- _Extracted data entries_:
#####

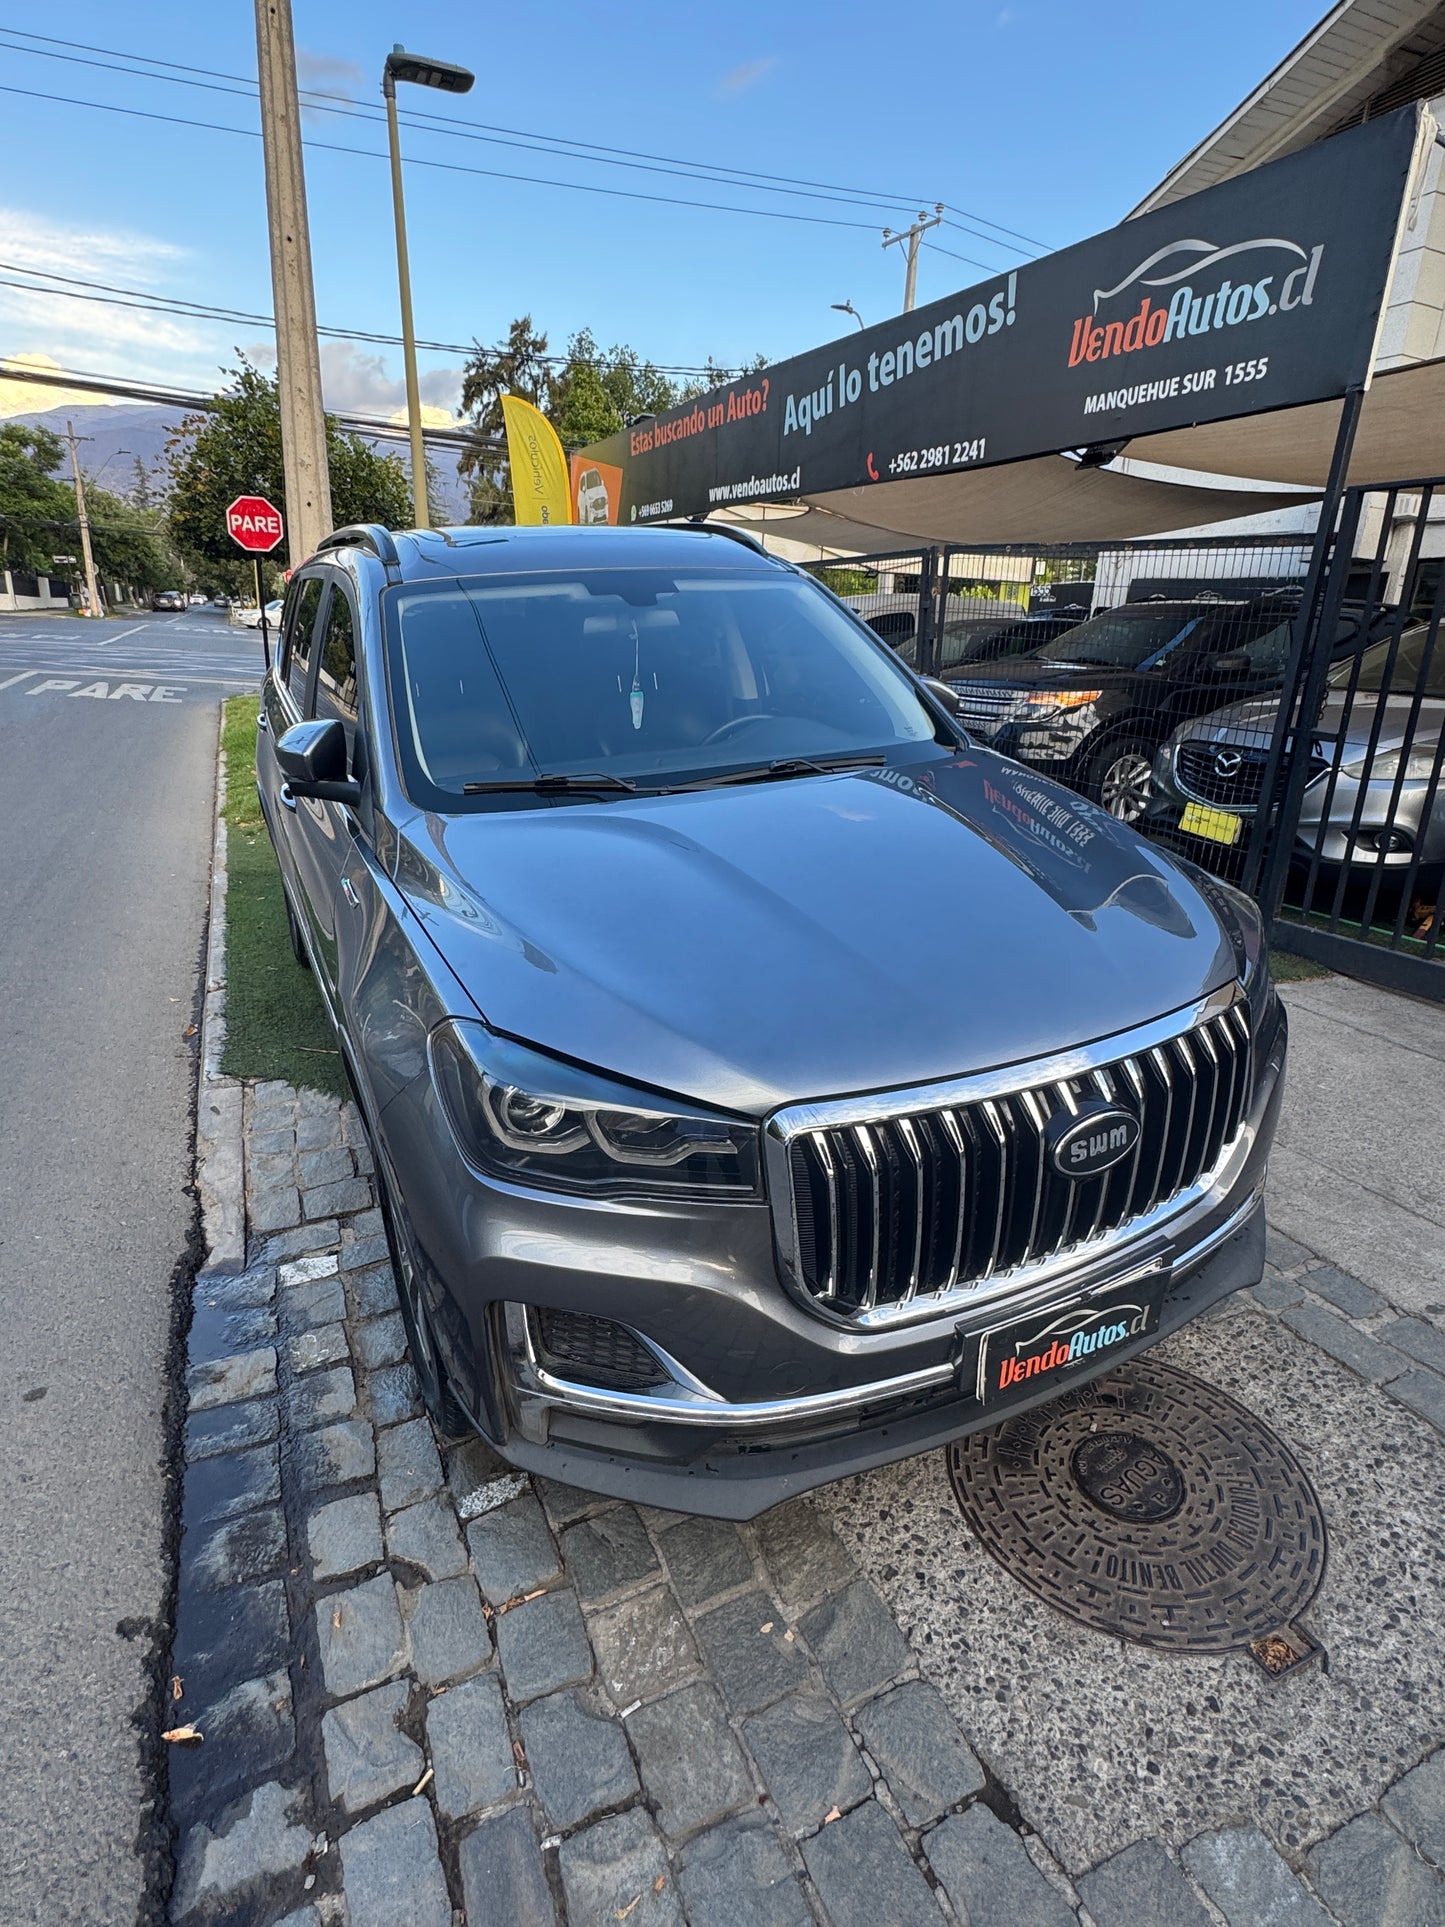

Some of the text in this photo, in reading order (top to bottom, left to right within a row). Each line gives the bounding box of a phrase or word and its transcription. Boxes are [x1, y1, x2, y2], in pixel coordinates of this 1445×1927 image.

[1067, 244, 1325, 368] VendoAutos.cl
[783, 270, 1018, 437] Aquí lo tenemos!
[1084, 357, 1269, 415] MANQUEHUE SUR 1555
[630, 378, 770, 457] Estas buscando un Auto?
[888, 438, 986, 474] +562 2981 2241
[708, 466, 801, 502] www.vendoautos.cl
[231, 514, 280, 534] PARE
[25, 679, 189, 704] PARE
[1070, 1124, 1128, 1164] SWM
[999, 1304, 1150, 1390] VendoAutos.cl
[1100, 1454, 1168, 1506] AGUAS
[1106, 1554, 1185, 1592] BENITO
[1179, 1540, 1246, 1587] DUCTIL

#####

Please repeat each record exactly and keep every picture out of the copy.

- _OUTPUT FOR THIS EXERCISE_:
Some of the text in this photo, in reading order (top to bottom, left to right within a row). Each line gives the bounding box of a phrase or word and its transcription. Boxes are [x1, y1, x2, y2], in pixel coordinates of this 1445×1927 image.

[1067, 244, 1325, 368] VendoAutos.cl
[783, 270, 1018, 437] Aquí lo tenemos!
[1084, 357, 1269, 415] MANQUEHUE SUR 1555
[630, 378, 770, 457] Estas buscando un Auto?
[888, 438, 986, 474] +562 2981 2241
[708, 466, 801, 502] www.vendoautos.cl
[231, 514, 280, 534] PARE
[25, 679, 189, 704] PARE
[1070, 1124, 1128, 1164] SWM
[999, 1304, 1150, 1390] VendoAutos.cl
[1100, 1454, 1168, 1506] AGUAS
[1106, 1554, 1185, 1592] BENITO
[1179, 1540, 1246, 1587] DUCTIL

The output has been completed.